Records shown –
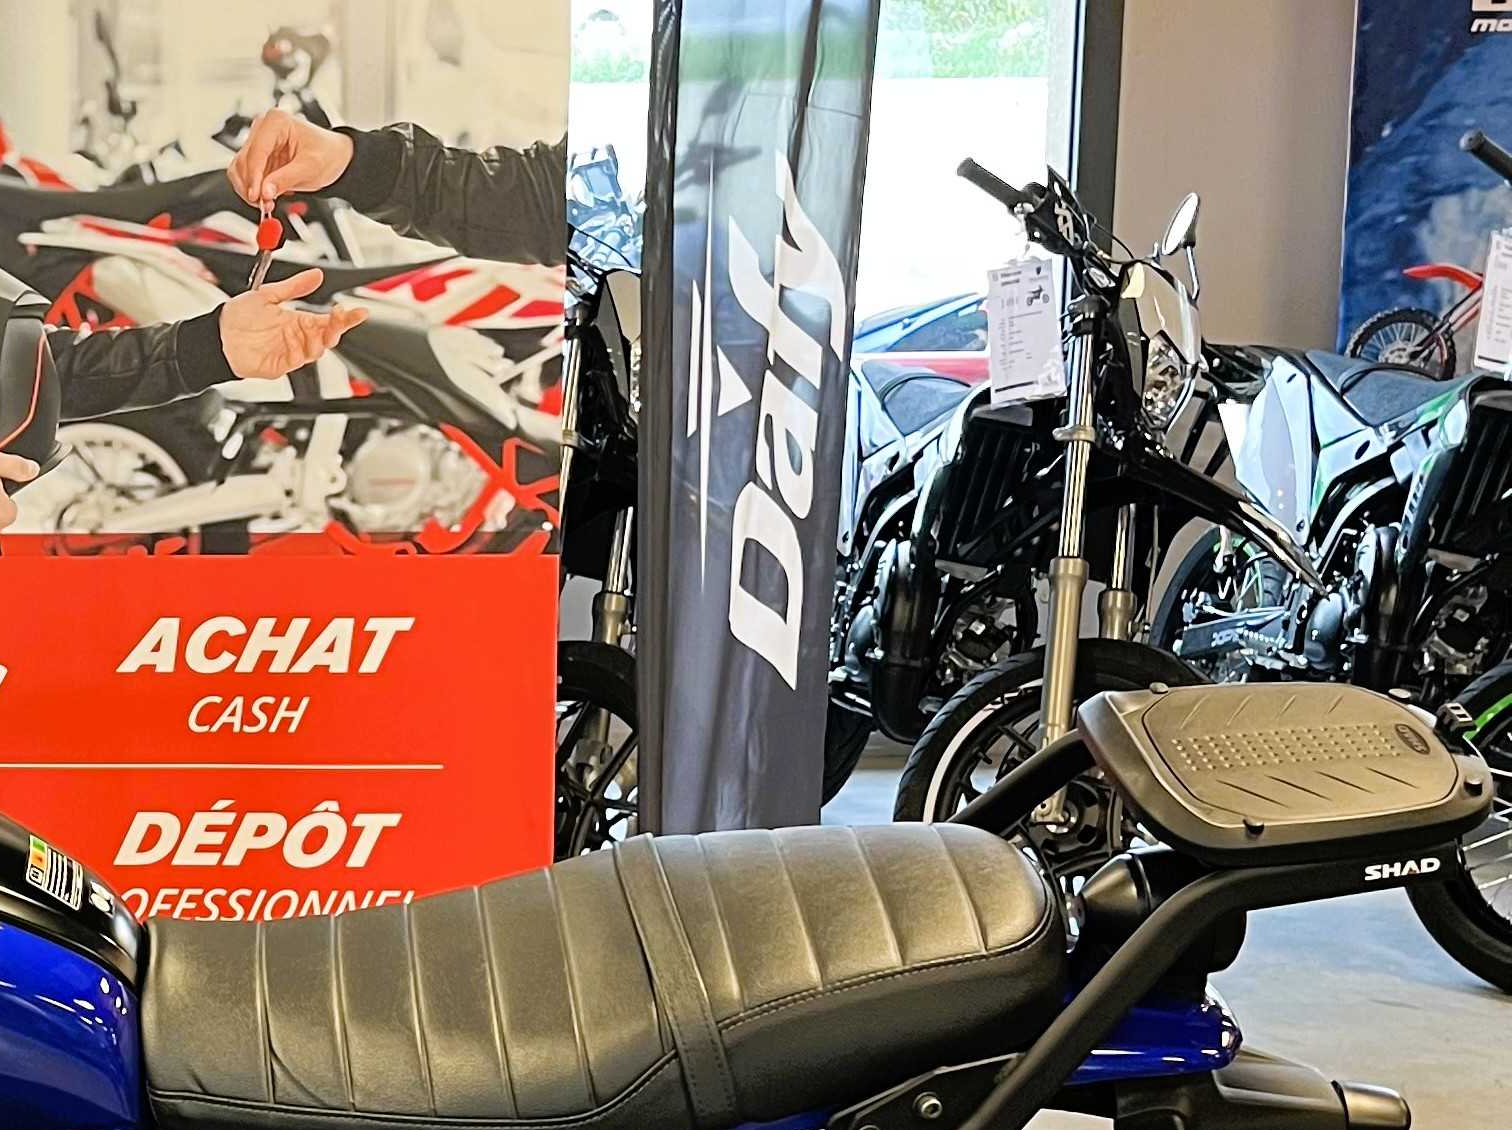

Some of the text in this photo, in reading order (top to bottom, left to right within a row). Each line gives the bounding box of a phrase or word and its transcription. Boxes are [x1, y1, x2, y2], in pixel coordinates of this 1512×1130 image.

[728, 148, 846, 690] Dafy
[116, 616, 415, 674] ACHAT
[188, 695, 309, 733] CASH
[114, 799, 402, 868] DÉPÔT
[1364, 857, 1441, 881] SHAD

Instructions to follow –
Omit the pictures; restate every entry word for word.

Output of the exercise –
Some of the text in this photo, in reading order (top to bottom, left to right within a row). Each line gives the bounding box of a phrase or word and its transcription. Boxes are [x1, y1, x2, y2], in pixel coordinates of this 1512×1130 image.

[728, 148, 846, 690] Dafy
[116, 616, 415, 674] ACHAT
[188, 695, 309, 733] CASH
[114, 799, 402, 868] DÉPÔT
[1364, 857, 1441, 881] SHAD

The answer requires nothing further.